======== RECORD SET ========

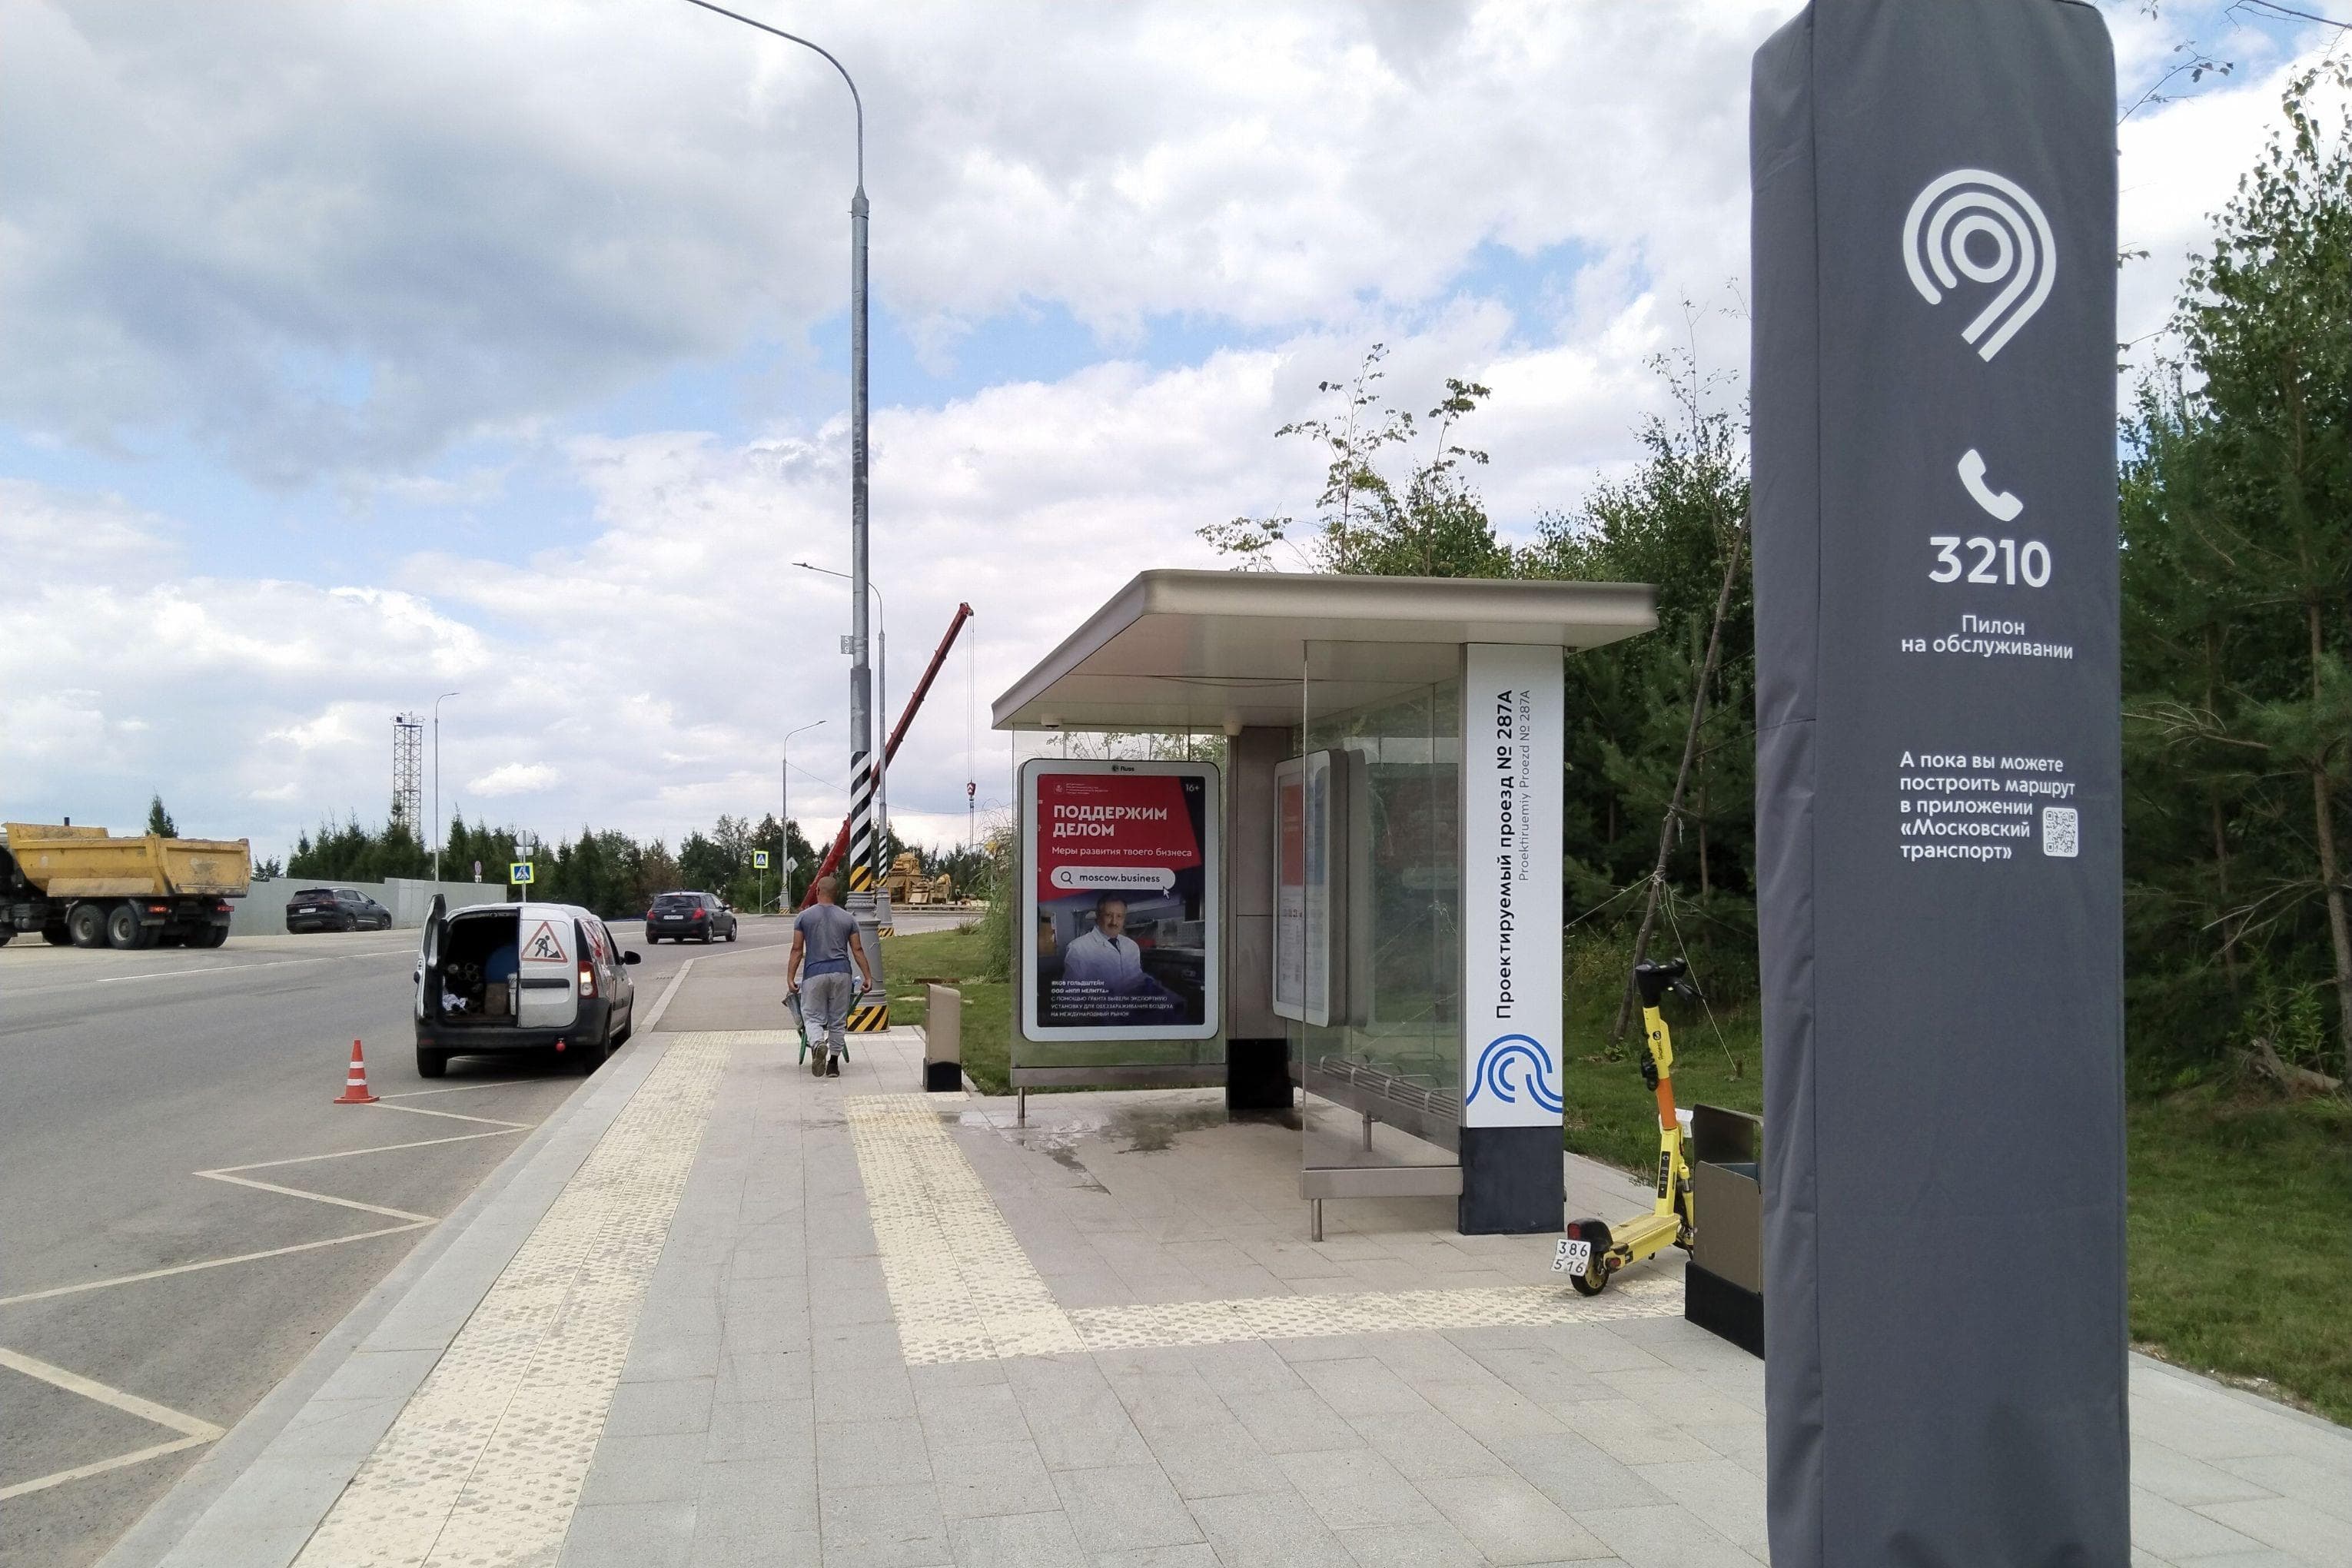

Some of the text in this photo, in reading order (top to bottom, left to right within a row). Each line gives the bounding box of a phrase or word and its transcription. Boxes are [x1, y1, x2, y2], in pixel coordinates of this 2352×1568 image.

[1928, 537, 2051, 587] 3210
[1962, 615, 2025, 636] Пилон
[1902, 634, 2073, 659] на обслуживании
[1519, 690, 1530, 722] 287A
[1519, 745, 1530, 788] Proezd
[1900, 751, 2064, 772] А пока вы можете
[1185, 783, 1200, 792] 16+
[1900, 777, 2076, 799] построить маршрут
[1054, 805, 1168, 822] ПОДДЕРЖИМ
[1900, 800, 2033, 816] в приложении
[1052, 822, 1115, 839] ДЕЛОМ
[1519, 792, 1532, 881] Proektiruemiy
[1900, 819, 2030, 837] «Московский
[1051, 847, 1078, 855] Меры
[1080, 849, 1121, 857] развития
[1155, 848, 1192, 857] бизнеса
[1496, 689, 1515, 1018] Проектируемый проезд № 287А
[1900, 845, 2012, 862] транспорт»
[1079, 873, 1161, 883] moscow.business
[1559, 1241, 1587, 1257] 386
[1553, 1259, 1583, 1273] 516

========

### WORK TO COMPLETE:
Write the listing out again in full and unchanged, minus any pictures.

### TASK RESPONSE:
Some of the text in this photo, in reading order (top to bottom, left to right within a row). Each line gives the bounding box of a phrase or word and its transcription. Boxes are [x1, y1, x2, y2], in pixel coordinates of this 2352×1568 image.

[1928, 537, 2051, 587] 3210
[1962, 615, 2025, 636] Пилон
[1902, 634, 2073, 659] на обслуживании
[1519, 690, 1530, 722] 287A
[1519, 745, 1530, 788] Proezd
[1900, 751, 2064, 772] А пока вы можете
[1185, 783, 1200, 792] 16+
[1900, 777, 2076, 799] построить маршрут
[1054, 805, 1168, 822] ПОДДЕРЖИМ
[1900, 800, 2033, 816] в приложении
[1052, 822, 1115, 839] ДЕЛОМ
[1519, 792, 1532, 881] Proektiruemiy
[1900, 819, 2030, 837] «Московский
[1051, 847, 1078, 855] Меры
[1080, 849, 1121, 857] развития
[1155, 848, 1192, 857] бизнеса
[1496, 689, 1515, 1018] Проектируемый проезд № 287А
[1900, 845, 2012, 862] транспорт»
[1079, 873, 1161, 883] moscow.business
[1559, 1241, 1587, 1257] 386
[1553, 1259, 1583, 1273] 516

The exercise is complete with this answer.